How billing resolves

Every successful call is priced from the registry — there is no live lookup and no fallback. Each slug carries one of:

per-call (most image models)
per-second of output (video / audio)
per-megapixel (some image models)
input-conditional — a rate table indexed by inputs (audio on/off, with/without video reference, quality × size). The bill is computed from the inputs you actually sent.

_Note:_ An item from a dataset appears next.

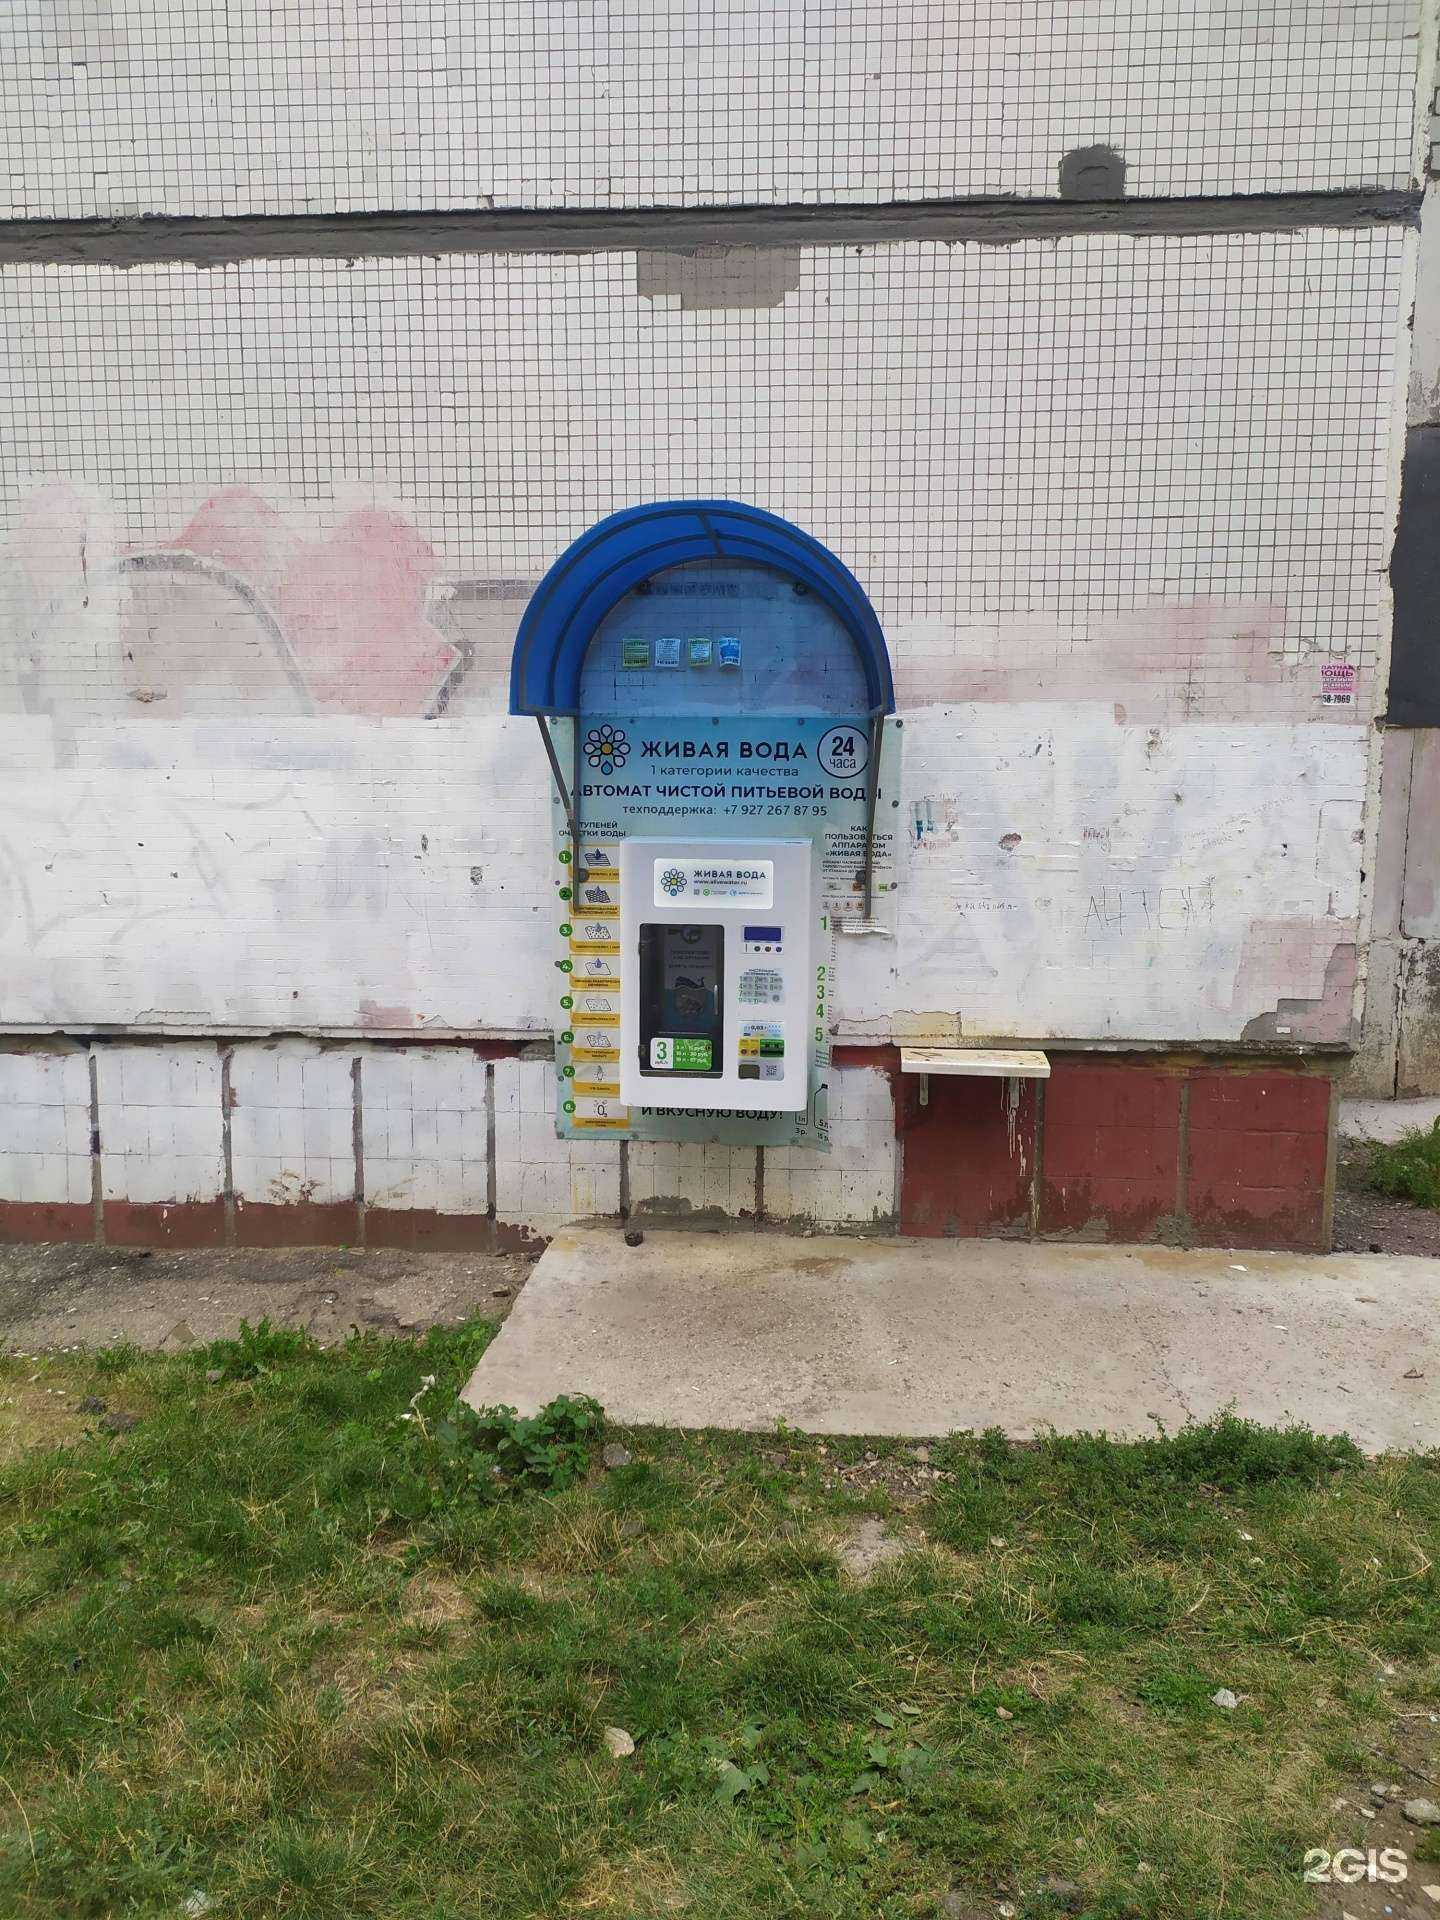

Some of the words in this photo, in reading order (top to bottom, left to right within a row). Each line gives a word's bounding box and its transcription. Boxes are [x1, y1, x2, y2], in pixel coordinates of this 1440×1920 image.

The exact amount lands in billed_micros and is also written to a usage_events row you can audit.

Conventions

Always prefer media.run over hitting /v1/media/generate with raw httpx. The SDK injects the worker's service token and job context for you — a raw call won't bill correctly.
Don't rely on the file extension matching the kind. Some models return .webp for kind="image"; the SDK detects extension from the URL and saves accordingly. drive_path is authoritative.
Don't open the returned output_url from server code to "verify" the file — it's a signed URL meant for the client. Use drive_path server-side; mint a fresh signed URL with the drive_sign MCP tool when you need to share.
Don't retry on a failed call without inspecting error. Most model errors are deterministic (bad params, NSFW filter, model down) — a blind retry just burns more credit. Fix the inputs first.